According to Prof. Malinauskienė, without such control, the immune system could turn against the body – ‘swatting flies with a sledgehammer’ – and rather than providing protection, it would begin damaging healthy tissues, leading to autoimmune diseases, chronic inflammation, and tissue injury: ‘When mutations affect the FOXP3 gene and disrupt Treg function, the immune system loses balance and begins attacking the body’s own tissues. This causes IPEX syndrome, a rare genetic disorder leading to severe early-onset immune dysfunction.’

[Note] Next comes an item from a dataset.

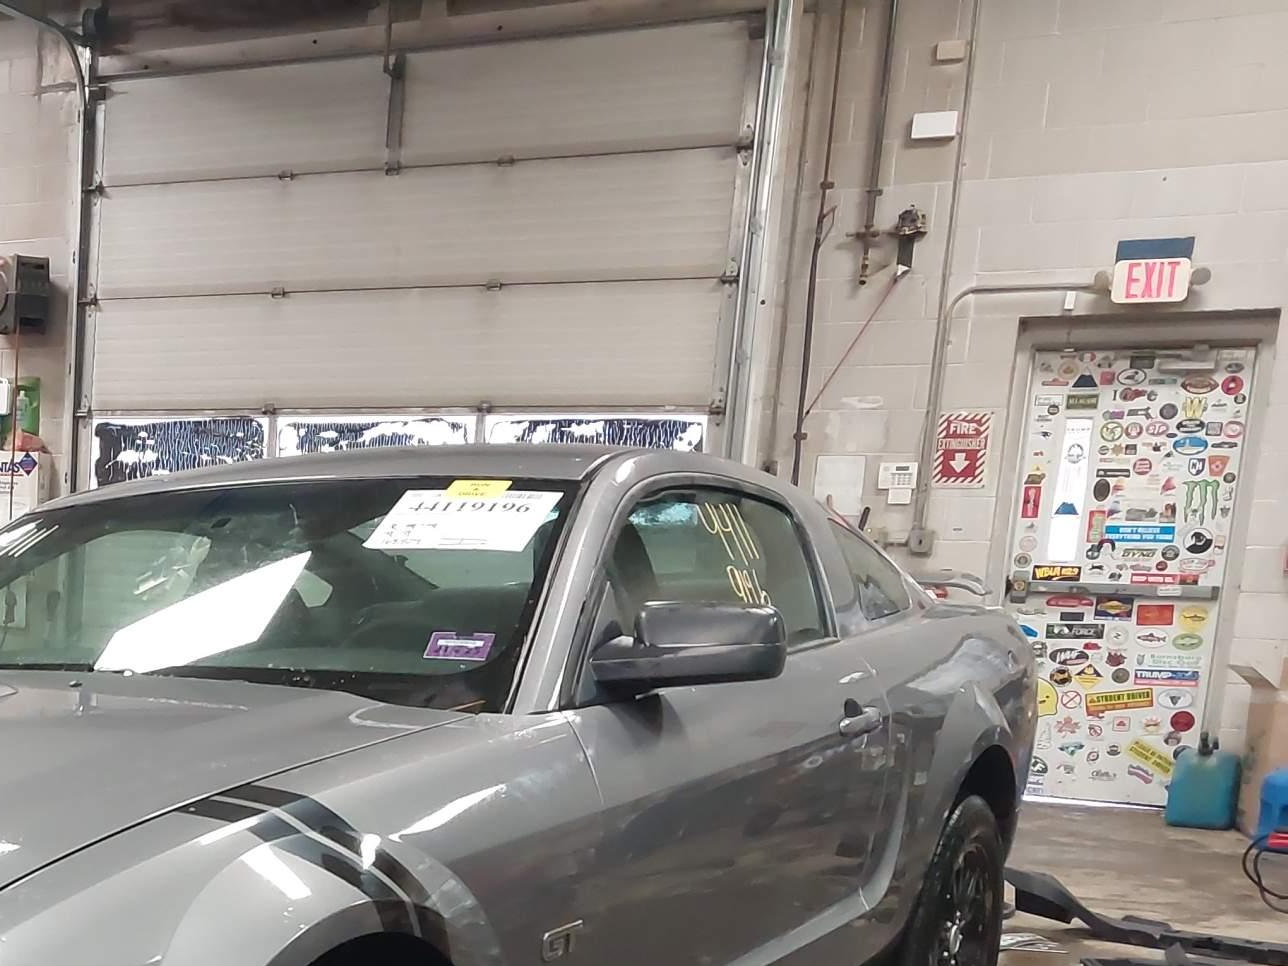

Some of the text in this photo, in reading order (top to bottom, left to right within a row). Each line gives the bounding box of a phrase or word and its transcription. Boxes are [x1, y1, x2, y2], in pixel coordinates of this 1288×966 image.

[1125, 261, 1181, 299] EXIT
[949, 422, 977, 435] FIRE
[408, 501, 531, 513] 44119196
[542, 919, 583, 961] GT

‘FOXP3 acts like a switch in the cell’s nucleus, turning on the genetic programme that allows regulatory T cells to form and function properly. Without this switch, they either fail to develop or cannot work effectively, and the immune system loses self-control. FOXP3 helps maintain harmony, enabling the immune system to fight real threats without endangering the body itself,’ noted the immunologist.

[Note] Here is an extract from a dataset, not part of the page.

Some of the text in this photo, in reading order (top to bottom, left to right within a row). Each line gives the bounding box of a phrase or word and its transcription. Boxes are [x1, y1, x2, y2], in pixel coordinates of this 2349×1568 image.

Peripheral tolerance – a new direction for research and treatment

‘Until the late 1980s, scientists believed that immune tolerance mechanisms developed exclusively before birth – during the central selection processes in the thymus. The work of Dr Brunkow, Dr Ramsdell, and Prof. Sakaguchi demonstrated that this balance is actively maintained throughout life, creating an entirely new field of study – the biology of peripheral tolerance. The scientists’ discoveries also paved the way for targeted therapies, where treatment involves not just attacking, but also precisely regulating the immune system’s brakes,’ said the researcher.

As Prof. Malinauskienė notes, these findings explain why some individuals’ immune systems overreact to harmless allergens: ‘When Treg cells are weak, instead of maintaining tolerance, we get allergic inflammation: rhinitis, asthma, or anaphylaxis. Here, Tregs act as a switch determining whether the immune system will remain tolerant or trigger an allergy.’

The Professor emphasises that these discoveries already have practical applications in medicine: ‘Allergen-specific immunotherapy promotes Treg formation and helps restore tolerance. In oncology, understanding that tumours hide behind a Treg ‘shield’ has led to therapies designed to dismantle that barrier. In transplantation, patient-derived Tregs are being expanded and reinfused to reduce the risk of organ rejection. In autoimmune diseases, low-dose IL-2 therapy, which stimulates Treg growth, and Treg-based treatments are under active investigation.’

‘The next major step is to fine-tune Treg activity precisely, keeping the immune system balanced – neither too weak nor too aggressive. Scientists are now exploring antigen-specific Tregs, novel IL-2 delivery methods, and strategies that ‘release the brakes’ only within tumour environments. All of this builds on the discoveries of this year’s Nobel laureates, who revealed how the immune system maintains balance and protects us not only from infections but also from its own mistakes. Once we learn how to reliably switch peripheral tolerance on where it is lacking, and off where it is excessive, we will move from a ‘one-size-fits-all’ model to true precision immunomedicine,’ concluded Prof. Malinauskienė
The laureates will receive their award comprising a diploma, a gold medal, and 11 million Swedish kronor (approximately €950,000) at the official ceremony to be held on 10 December.
Last year’s Nobel Prize in Physiology or Medicine was awarded jointly to Prof. Victor Ambros and Prof. Gary Ruvkun for their discovery of microRNA and its role in post-transcriptional gene regulation.

The Nobel Prize in Physics was announced on Tuesday, followed by the Chemistry Prize on Wednesday; the Literature and Peace Prizes will be revealed on Thursday and Friday, respectively, while the Nobel Prize season will conclude next Monday with the announcement of the Award for Economic Sciences.